Here are some records; quote them exactly, leaving out the pictures.

((

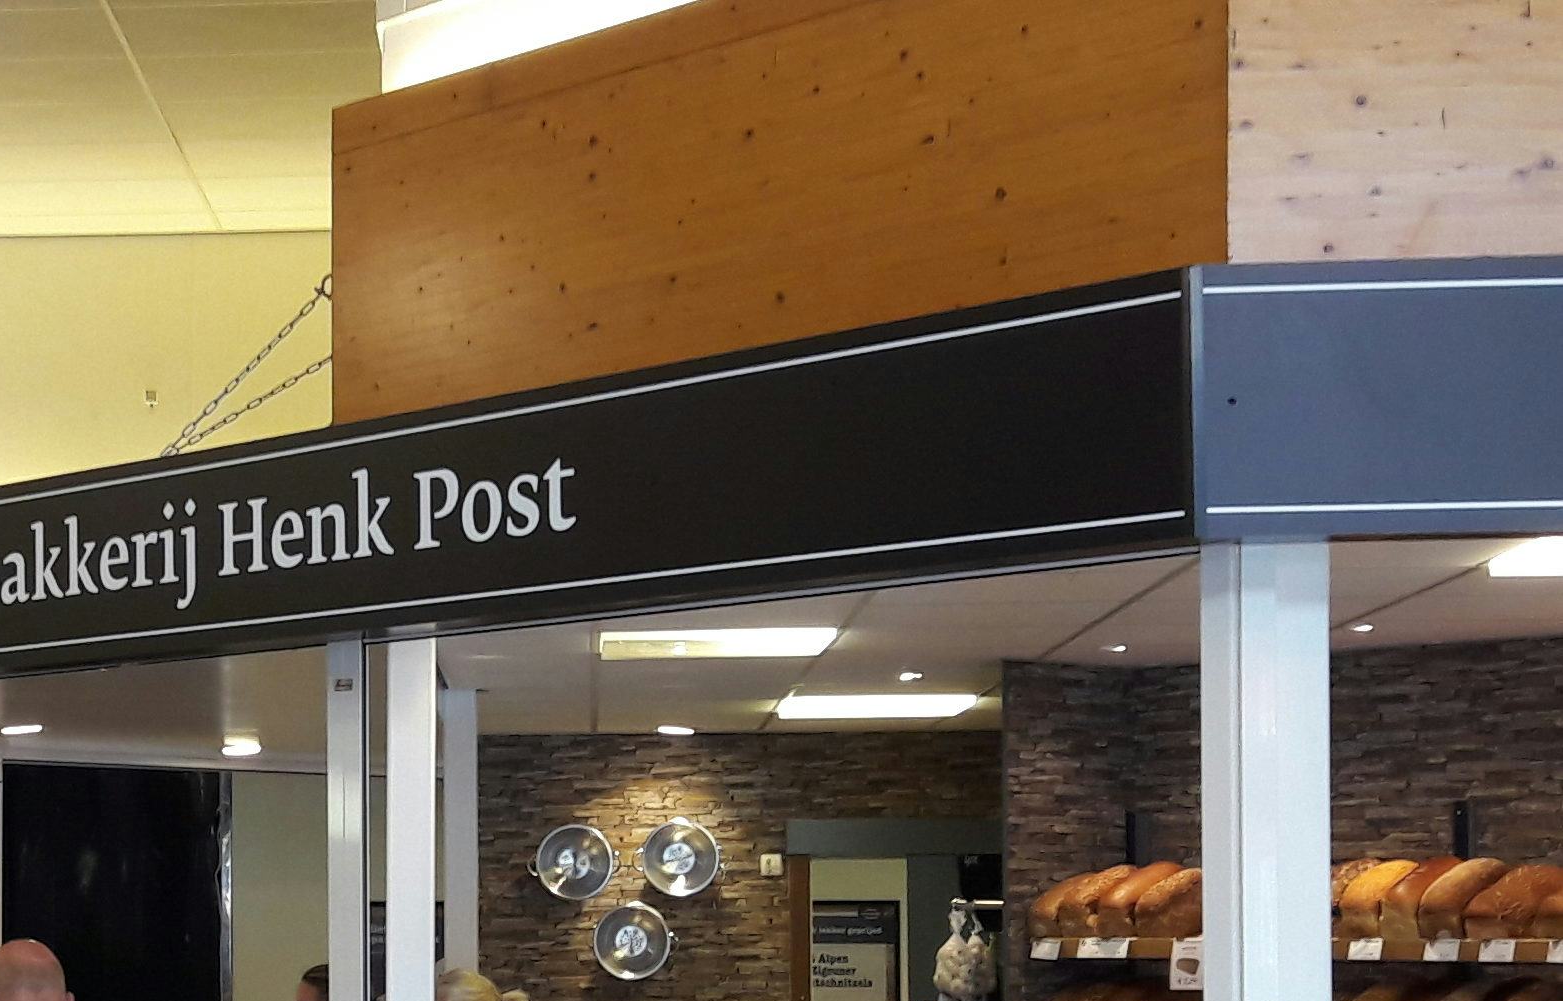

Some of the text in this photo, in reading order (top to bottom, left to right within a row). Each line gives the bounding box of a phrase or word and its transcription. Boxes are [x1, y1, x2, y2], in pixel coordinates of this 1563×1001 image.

[218, 467, 394, 577] Henk
[413, 457, 577, 551] Post
[818, 953, 849, 966] Alpen
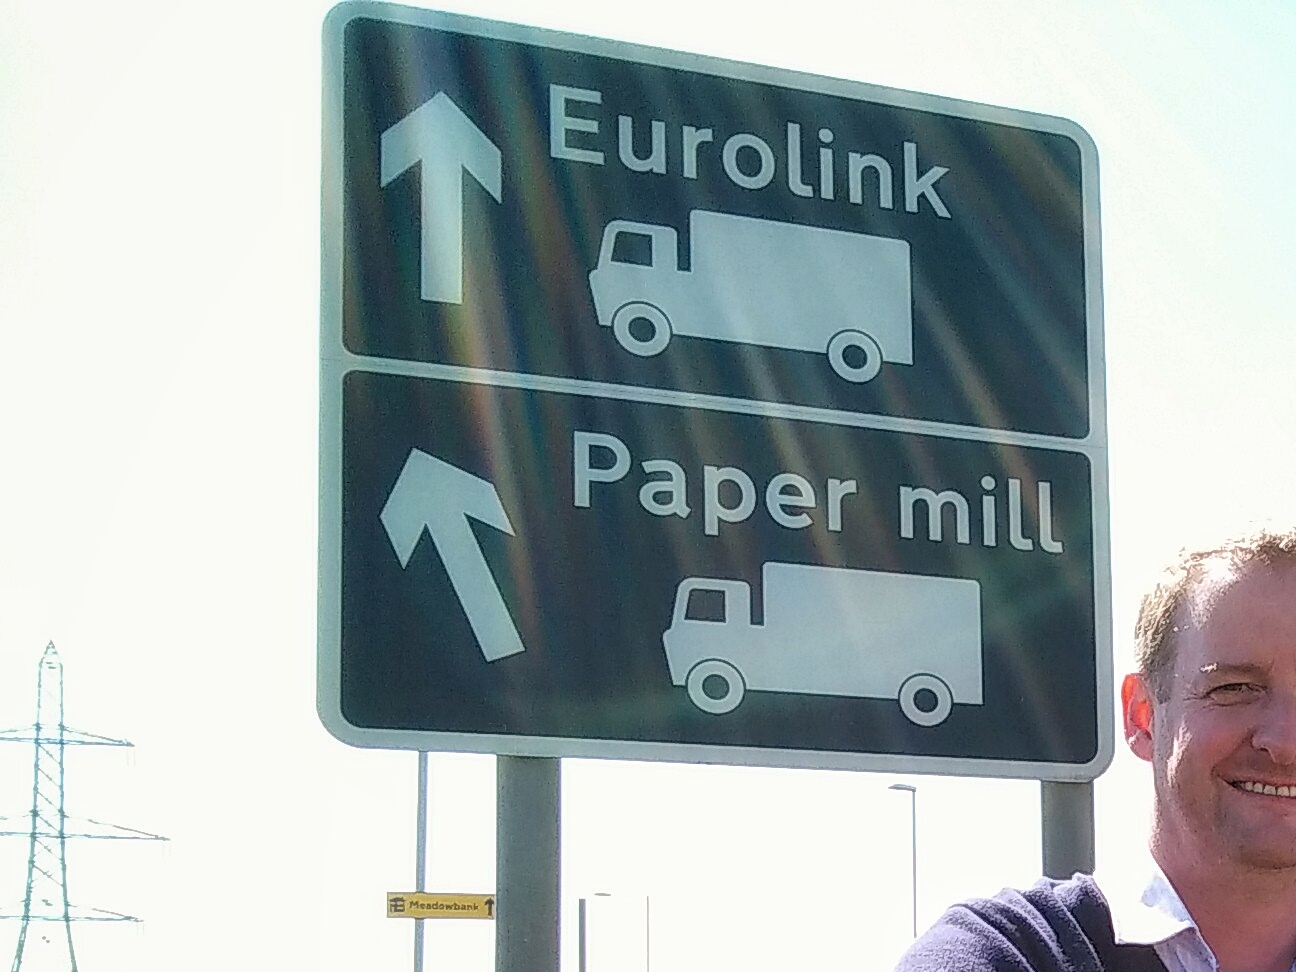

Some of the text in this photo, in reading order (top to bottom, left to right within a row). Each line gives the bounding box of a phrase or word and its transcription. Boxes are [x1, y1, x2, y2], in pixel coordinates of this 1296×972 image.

[548, 83, 952, 219] Eurolink
[573, 430, 1065, 554] Paper mill
[409, 900, 479, 911] Meadowbank

))

TASK SOLUTION
Some of the text in this photo, in reading order (top to bottom, left to right within a row). Each line gives the bounding box of a phrase or word and its transcription. Boxes are [x1, y1, x2, y2], in pixel coordinates of this 1563×1001 image.

[218, 467, 394, 577] Henk
[413, 457, 577, 551] Post
[818, 953, 849, 966] Alpen

Some of the text in this photo, in reading order (top to bottom, left to right within a row). Each line gives the bounding box of a phrase or word and its transcription. Boxes are [x1, y1, x2, y2], in pixel coordinates of this 1296×972 image.

[548, 83, 952, 219] Eurolink
[573, 430, 1065, 554] Paper mill
[409, 900, 479, 911] Meadowbank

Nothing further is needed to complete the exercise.